Exercise brief
When you reach the records below, output each one exactly.
--- --- ---
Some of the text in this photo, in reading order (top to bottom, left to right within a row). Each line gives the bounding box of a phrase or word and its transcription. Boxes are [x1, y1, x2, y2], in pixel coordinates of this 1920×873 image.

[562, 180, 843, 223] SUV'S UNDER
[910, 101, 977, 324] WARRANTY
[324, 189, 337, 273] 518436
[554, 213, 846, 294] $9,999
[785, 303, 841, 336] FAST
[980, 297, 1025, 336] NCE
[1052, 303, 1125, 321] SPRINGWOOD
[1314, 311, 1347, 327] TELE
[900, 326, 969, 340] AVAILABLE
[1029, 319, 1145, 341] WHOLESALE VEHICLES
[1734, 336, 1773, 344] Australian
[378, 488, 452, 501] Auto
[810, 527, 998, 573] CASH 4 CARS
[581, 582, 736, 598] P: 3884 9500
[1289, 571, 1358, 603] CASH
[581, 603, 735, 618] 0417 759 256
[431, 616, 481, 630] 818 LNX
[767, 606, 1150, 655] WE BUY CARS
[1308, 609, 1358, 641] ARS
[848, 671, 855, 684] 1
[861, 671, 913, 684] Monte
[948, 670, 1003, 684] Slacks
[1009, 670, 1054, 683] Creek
--- --- ---
Answer to the problem
Some of the text in this photo, in reading order (top to bottom, left to right within a row). Each line gives the bounding box of a phrase or word and its transcription. Boxes are [x1, y1, x2, y2], in pixel coordinates of this 1920×873 image.

[562, 180, 843, 223] SUV'S UNDER
[910, 101, 977, 324] WARRANTY
[324, 189, 337, 273] 518436
[554, 213, 846, 294] $9,999
[785, 303, 841, 336] FAST
[980, 297, 1025, 336] NCE
[1052, 303, 1125, 321] SPRINGWOOD
[1314, 311, 1347, 327] TELE
[900, 326, 969, 340] AVAILABLE
[1029, 319, 1145, 341] WHOLESALE VEHICLES
[1734, 336, 1773, 344] Australian
[378, 488, 452, 501] Auto
[810, 527, 998, 573] CASH 4 CARS
[581, 582, 736, 598] P: 3884 9500
[1289, 571, 1358, 603] CASH
[581, 603, 735, 618] 0417 759 256
[431, 616, 481, 630] 818 LNX
[767, 606, 1150, 655] WE BUY CARS
[1308, 609, 1358, 641] ARS
[848, 671, 855, 684] 1
[861, 671, 913, 684] Monte
[948, 670, 1003, 684] Slacks
[1009, 670, 1054, 683] Creek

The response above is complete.